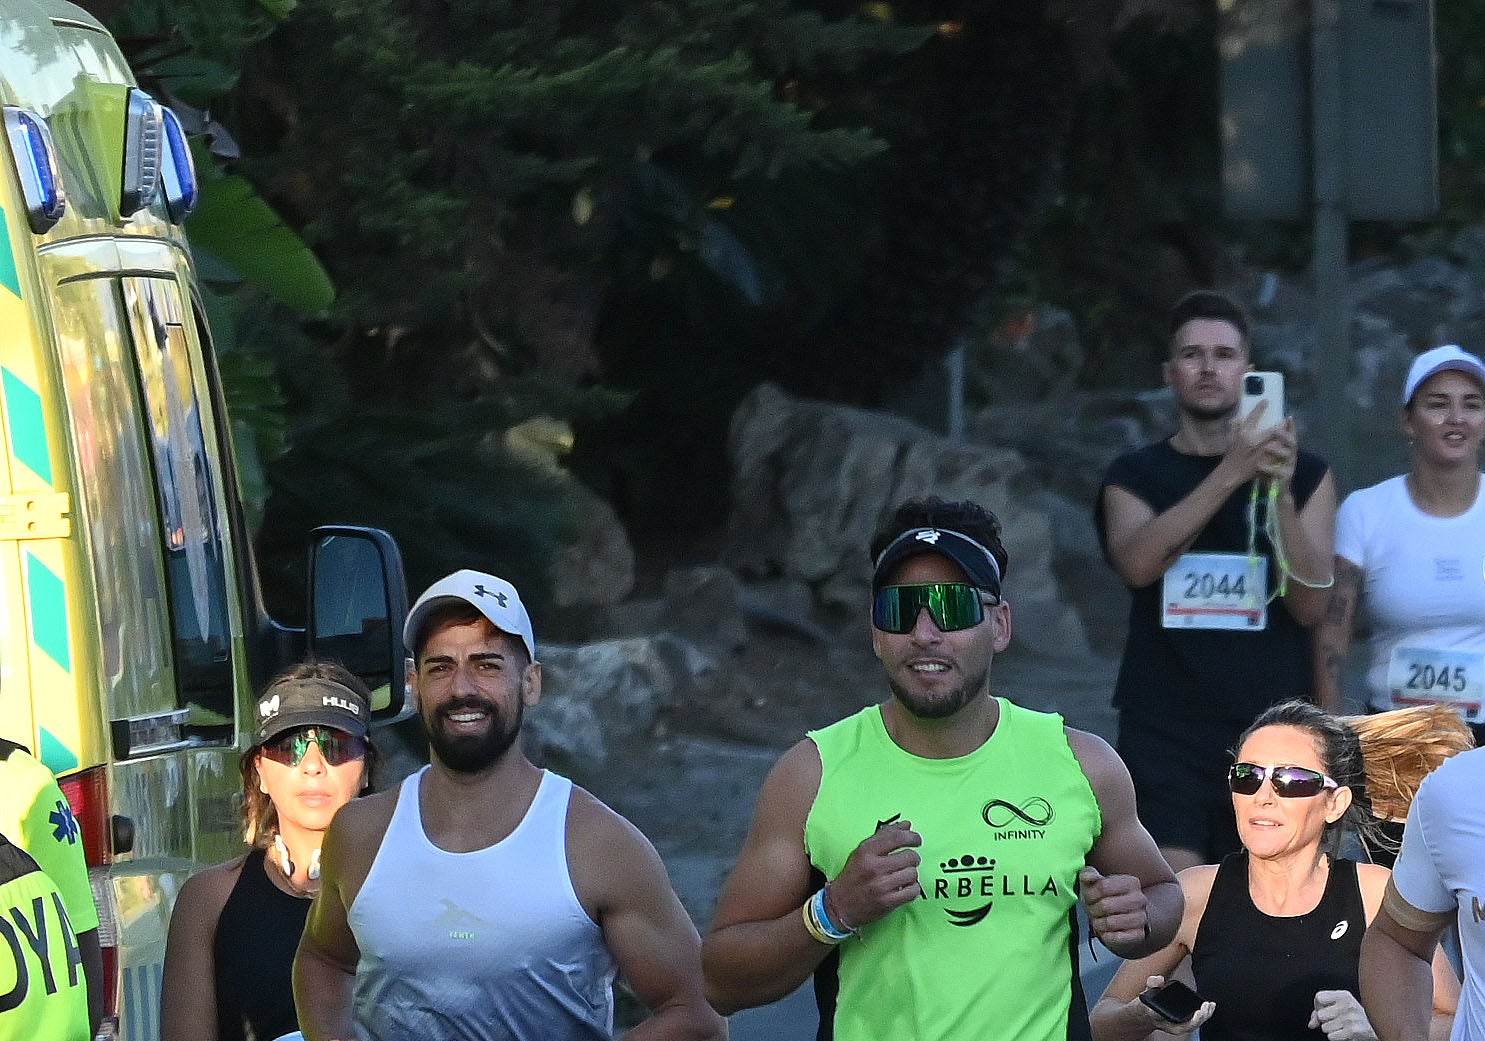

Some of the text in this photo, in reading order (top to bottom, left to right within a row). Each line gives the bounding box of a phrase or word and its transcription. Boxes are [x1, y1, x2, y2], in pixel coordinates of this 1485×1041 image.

[1183, 573, 1247, 600] 2044
[1405, 663, 1468, 693] 2045
[993, 829, 1047, 842] INFINITY
[916, 874, 1060, 900] RBELLA
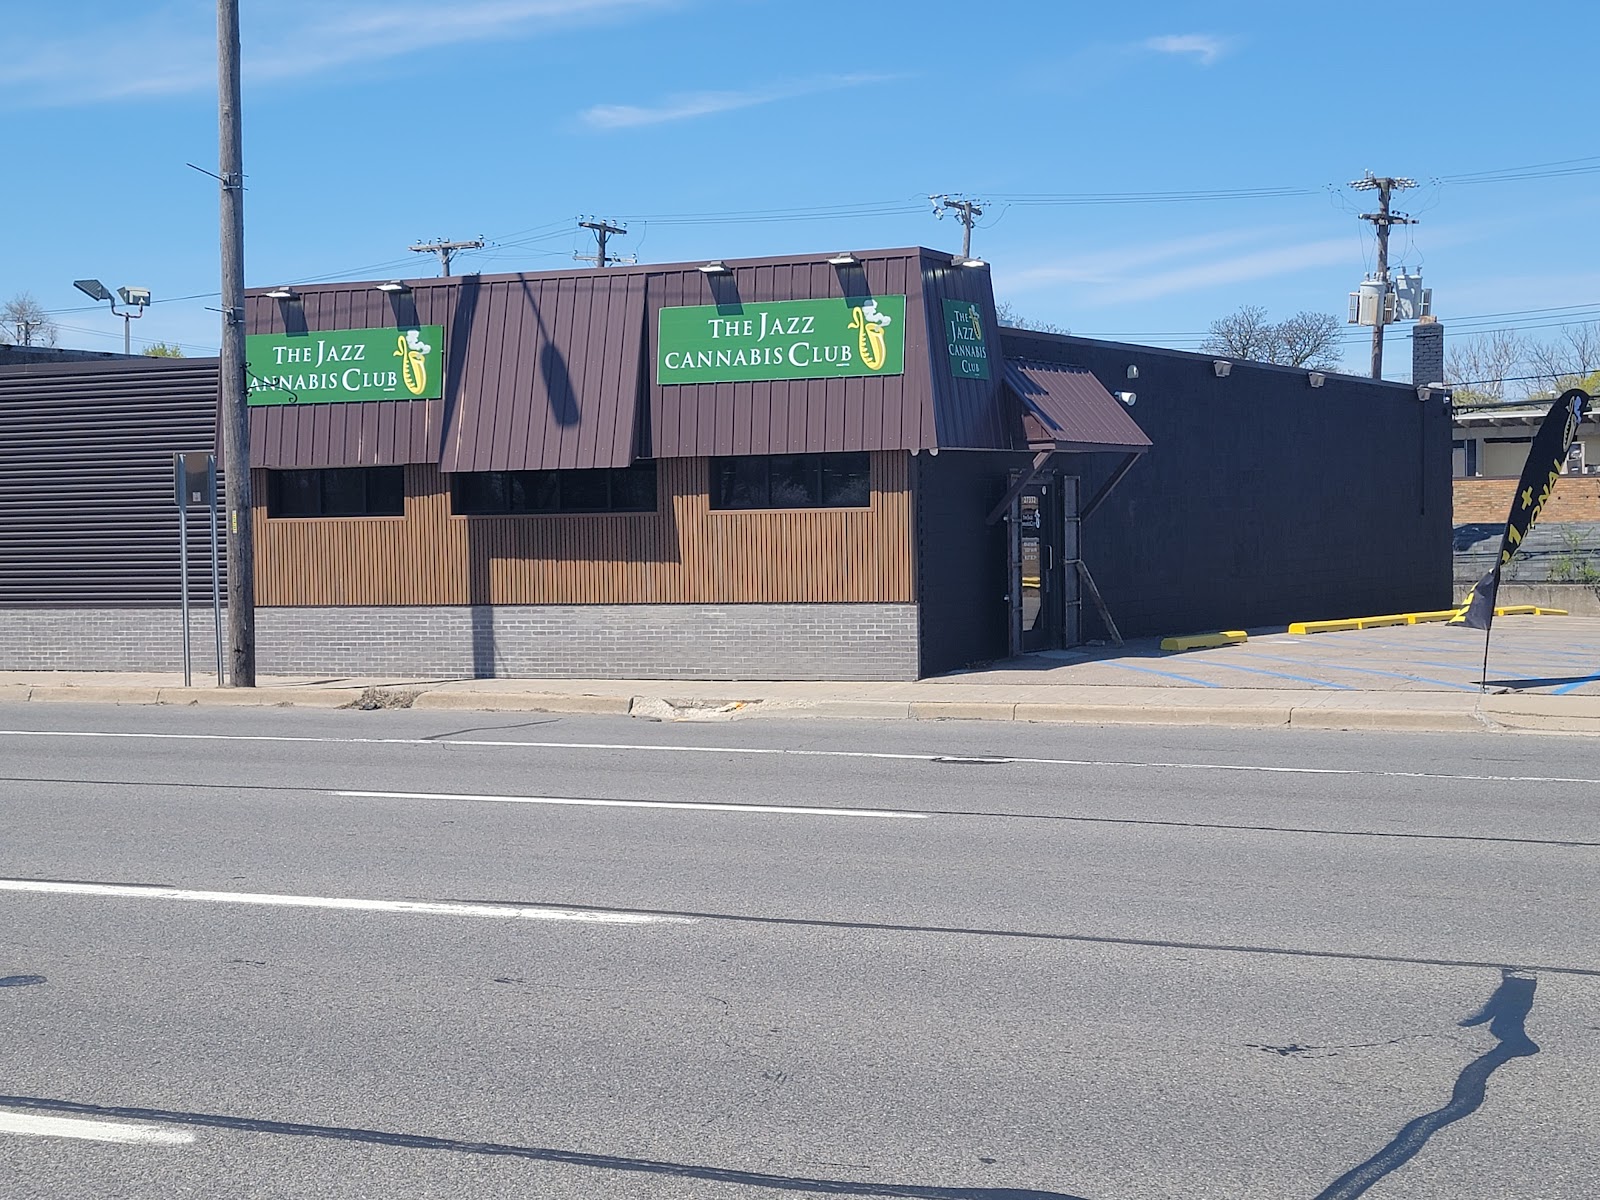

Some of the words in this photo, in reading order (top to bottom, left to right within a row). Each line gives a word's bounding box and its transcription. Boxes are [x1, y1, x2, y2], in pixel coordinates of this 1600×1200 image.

[707, 317, 753, 339] THE
[757, 312, 815, 342] JAZZ
[953, 310, 969, 323] THE
[950, 320, 975, 343] JAZZ
[272, 345, 312, 365] THE
[314, 340, 366, 368] JAZZ
[664, 347, 783, 369] CANNABIS
[788, 342, 852, 367] CLUB
[948, 343, 987, 359] CANNABIS
[961, 359, 980, 374] CLUB
[249, 372, 338, 392] ANNABIS
[341, 368, 398, 392] CLUB
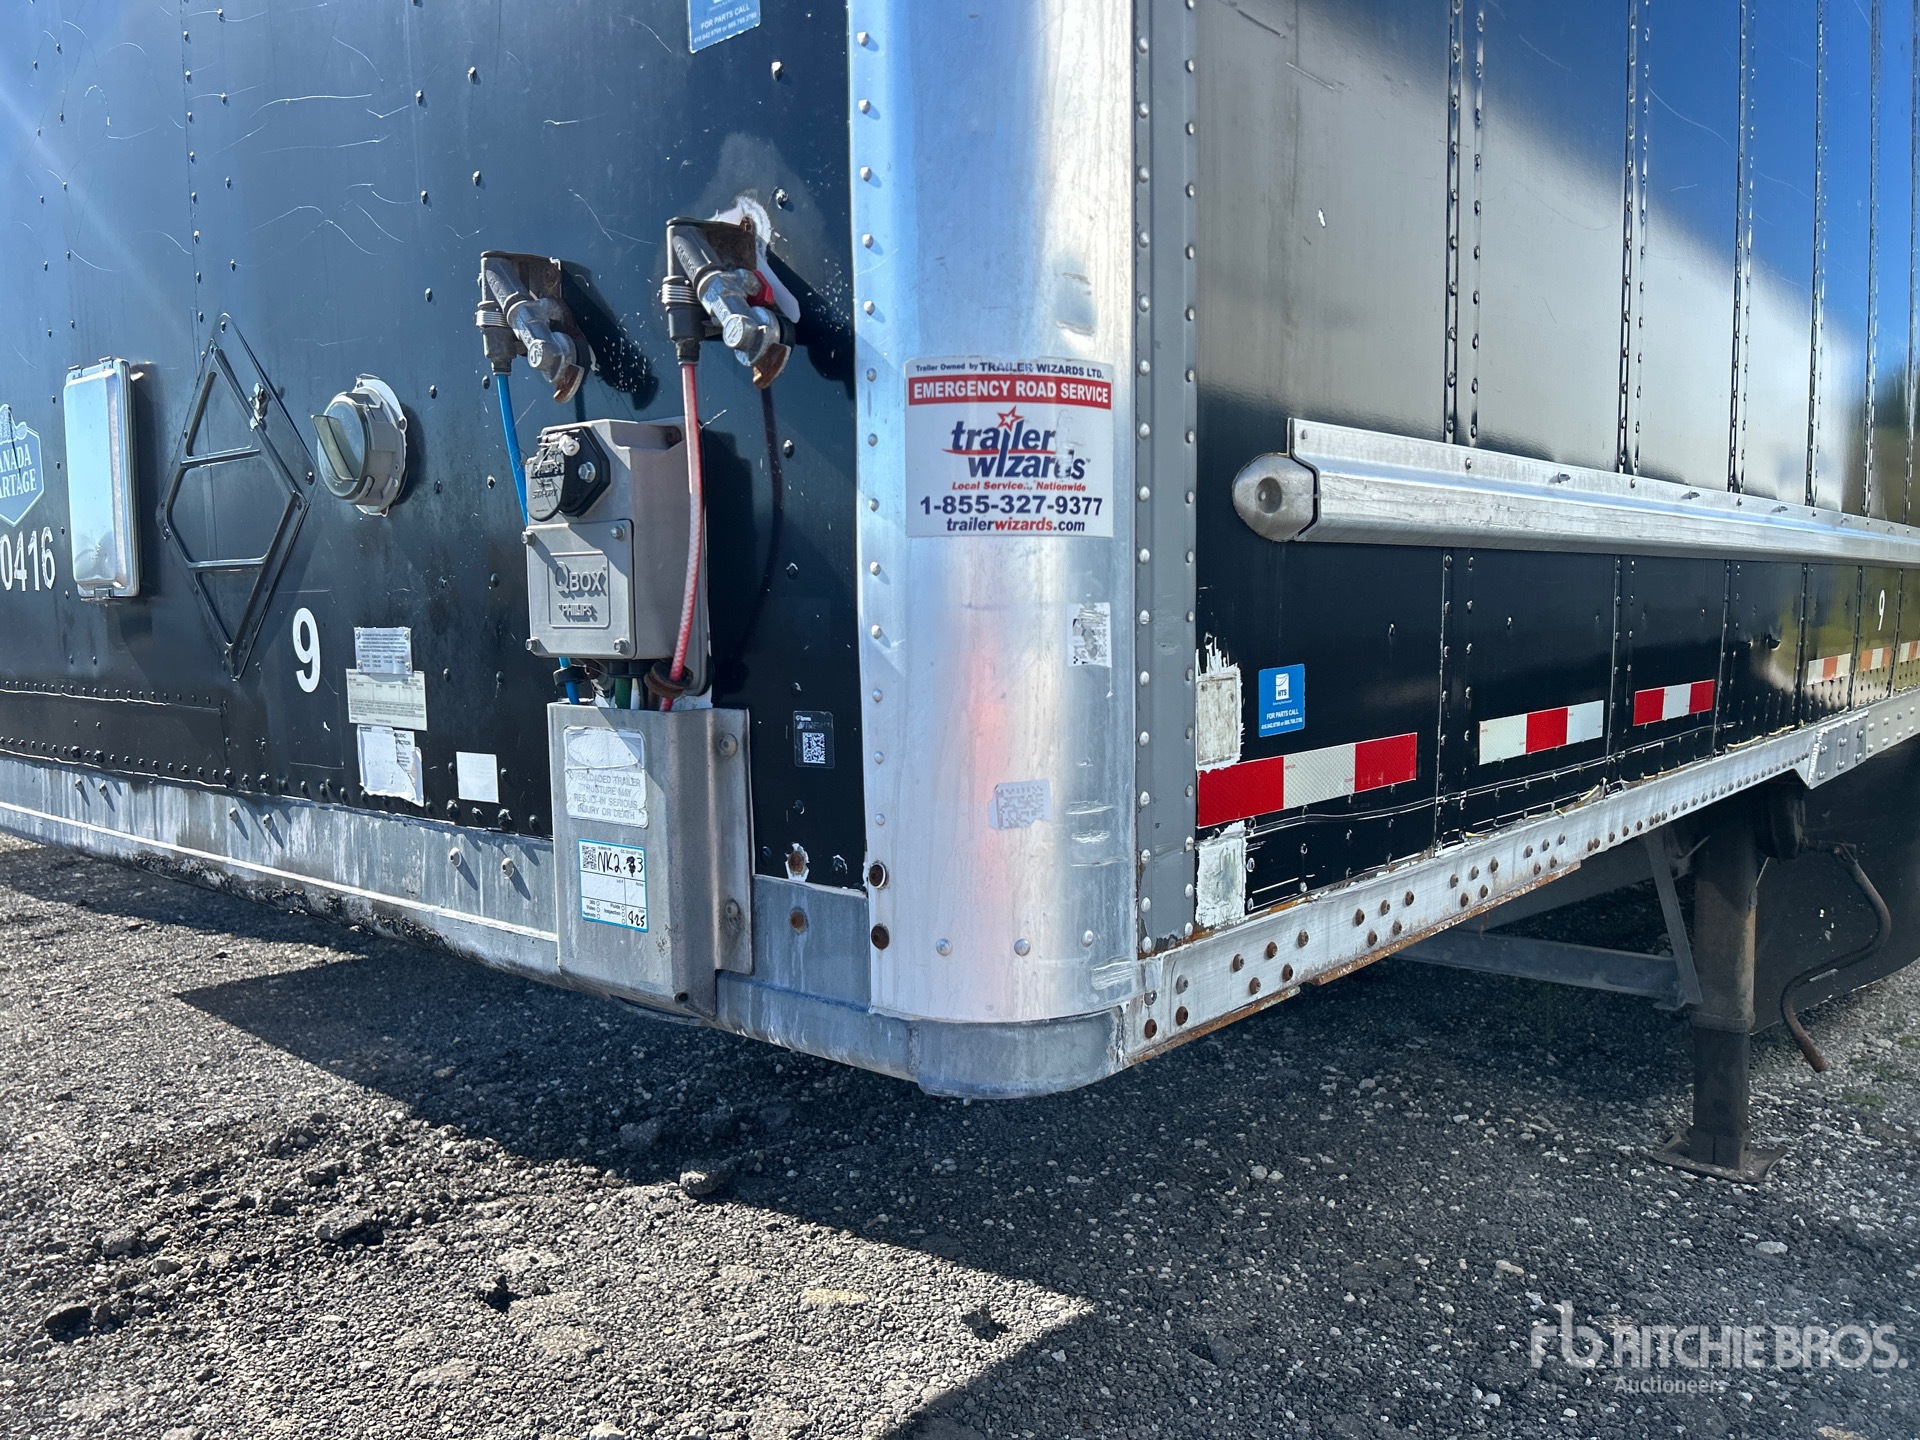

********

[Aim of the task]
Copy out every entry above, character for character, excluding pictures.

[Reply]
Some of the text in this photo, in reading order (top to bottom, left to right within a row). Each line gives the bounding box of a phrase or word and its transcription. Boxes are [x1, y1, x2, y2], in pixel coordinates of this 1485×1041 image.

[1183, 573, 1247, 600] 2044
[1405, 663, 1468, 693] 2045
[993, 829, 1047, 842] INFINITY
[916, 874, 1060, 900] RBELLA

Some of the words in this photo, in reading order (top to bottom, left to right within a row). Each line gives a word's bounding box and its transcription. Boxes are [x1, y1, x2, y2], in pixel coordinates of this 1600×1200 image.

[707, 317, 753, 339] THE
[757, 312, 815, 342] JAZZ
[953, 310, 969, 323] THE
[950, 320, 975, 343] JAZZ
[272, 345, 312, 365] THE
[314, 340, 366, 368] JAZZ
[664, 347, 783, 369] CANNABIS
[788, 342, 852, 367] CLUB
[948, 343, 987, 359] CANNABIS
[961, 359, 980, 374] CLUB
[249, 372, 338, 392] ANNABIS
[341, 368, 398, 392] CLUB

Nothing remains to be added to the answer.